Each point at which the student and institution cross paths is likely layered with some piece of technology…

And it’s at any of these touchpoints that the student can either be left with a positive memory of “wow, that just blew me away!” or a negative memory of “what a terrible #fail!”…strong emotions of delight, or frustration and disbelief. So what happens next? Where does the student turn? …time to share that experience with friends and family perhaps? Facebook, Twitter, Instagram, Tumblr, Snapchat?

You can be pretty sure that if the strong positive or negative emotion was triggered by an event that helped define the student’s opinion of the institution, that she will very likely share a comment or story about the incident on Social Media. And so it goes. If we do something really well, people talk about it. If we do something really poorly, people talk about it. But few talk about the boring stuff in between. No one has time to share a comment about the status quo. And people often think “if no one’s complaining about us, we must be doing an OK job”. If this is what you’re thinking, you’re fooling yourself. Consider that over 50% of angry people never complain about a problem. So what does this imply about those students who simply accept the status quo?

As technology leaders and enablers of the flow of information in our various institutions, CIOs are in the unique position of being able to impact the student experience and raise the bar on what might otherwise be boring, average interactions between the students and the school. Taking this a step further, if 50% of complaints are not being heard, can we afford to be complacent? Sure, we can bury our heads in the sand and say “it’s not my job to worry about non-technical student concerns”. But then we’re supporting the status quo in our Universities; supporting being average in our Colleges, and we’re potentially supporting disruption of our institution. We need to be constantly thinking of innovative ways to create “wow moments” by adding value (technological or informational) at various touchpoints along the student journey.
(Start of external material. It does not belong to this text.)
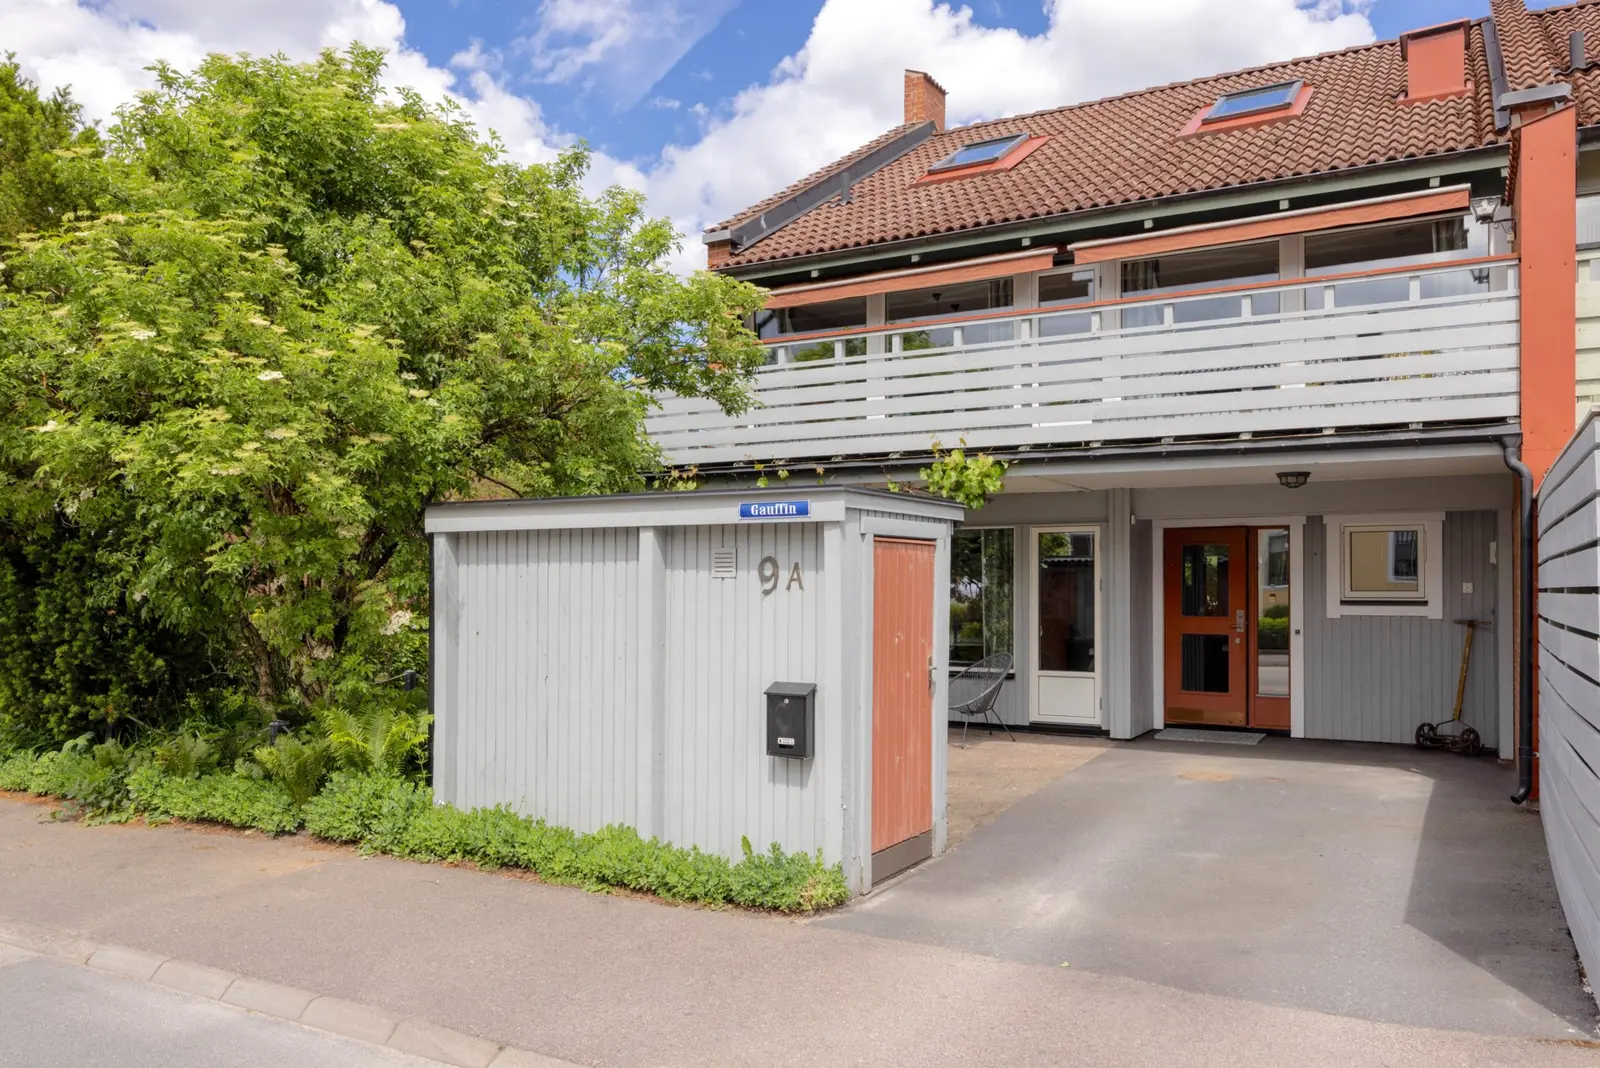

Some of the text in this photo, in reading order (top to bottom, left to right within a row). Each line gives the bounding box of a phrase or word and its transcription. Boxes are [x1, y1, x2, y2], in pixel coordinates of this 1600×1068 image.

…CIOs are in the unique position of being able to impact the student experience and raise the bar on what might otherwise be boring, average interactions

Here are 7 tried and tested ways for CIOs to create or facilitate a winning Student Experience:

  1. Get out of your office. Walk the halls. Listen to the conversations students are having. Find out how they really feel about the University systems and applications they use on a daily basis. Ask them. What works? What doesn’t? Listen to conversations staff and faculty are having about students. What are some of their struggles? Take notes. Document the feedback. You may even want to share it openly with the school as your starting point; your baseline from which to move forward.
  2. Spend a half-day at the College Help Desk. Observe how your staff speaks with students, faculty, and staff on the phone, how they interact in person, their body language. Watch the reaction on the faces of the people asking for assistance. Do they look happy after the interaction or did they leave with pursed lips and a feeling of frustration? If faculty and staff leave the service desk frustrated, this will likely trickle down to students. Let’s not forget, students don’t exist in a silo. Their interactions with people outside of the student community impact their overall experience at the institution.
  3. Get on Social Media. Specifically, create a Twitter account. Listen to what students are saying. Open the lines or channels of communication that are used by students. Engage with them. Help them to see your human side. Just because you’re in IT, doesn’t mean that all you think about are bits and bytes…at least one would hope not, especially if you’ve made it to the CIO or IT Director level.
  4. Sit in on a lecture or two. What’s the experience like for students; for the instructor? Is all the classroom technology working the way it should, is the Professor fumbling around to get it all working, or might it help if he had a PhD in engineering? How’s the Professor doing as an instructor? Is she engaging? Is she boring? Is there anything you could help this faculty member with to perhaps make her delivery more interesting? …after all isn’t she in the role of delivering/sharing information with her students? Just as the CIO is in the information enablement and delivery business, are Professors not serving a similar function?
  5. Introduce technologies that are intuitive. When was the last time you read the Facebook user manual (if there is one)? How about Dropbox or Asana or Gmail? These easy-to-use applications are the standard by which all software learning curves are measured. My rule of thumb is, if it takes me more than 10 minutes to get the overall gist of a new technology and its features, it’s going to be an uphill battle for students….a battle I may not be prepared to fight. If they’re not going to adopt it and use it, why even take the risk of investing in it and bringing it into the school? New technology implies change, and no one likes change, no matter how often they’re confronted with it. If you can lower the barriers to adoption, you’re more likely to succeed and have students reap the benefits of its use.
  6. Put together a Student Advisory Committee. Reach out to students who you feel would take an active role in dialoguing with you about technology at the University. Meet with them formally once a term, and as they move through completion of their degrees, bring on newer students to replace those that have graduated. Another less formal way of doing this might be to simply meet with individual students that have taken an interest in technology, on a one-on-one basis through the year just to dialogue about what’s working and what’s not working.
  7. Develop an IT Strategic Plan that is student-centric. As you develop your short and long-term plan, each deliverable should impact the student community in some positive way. Make sure that as you prioritize these deliverables, they are projects that the students, through focus groups, discussions, and/or surveys, have identified as areas that would provide them with high value but that the university is falling short on. Focus in on those with the biggest gaps between what the students want and their level of satisfaction. Try to steer clear of prioritizing projects that have a lesser impact on the student experience.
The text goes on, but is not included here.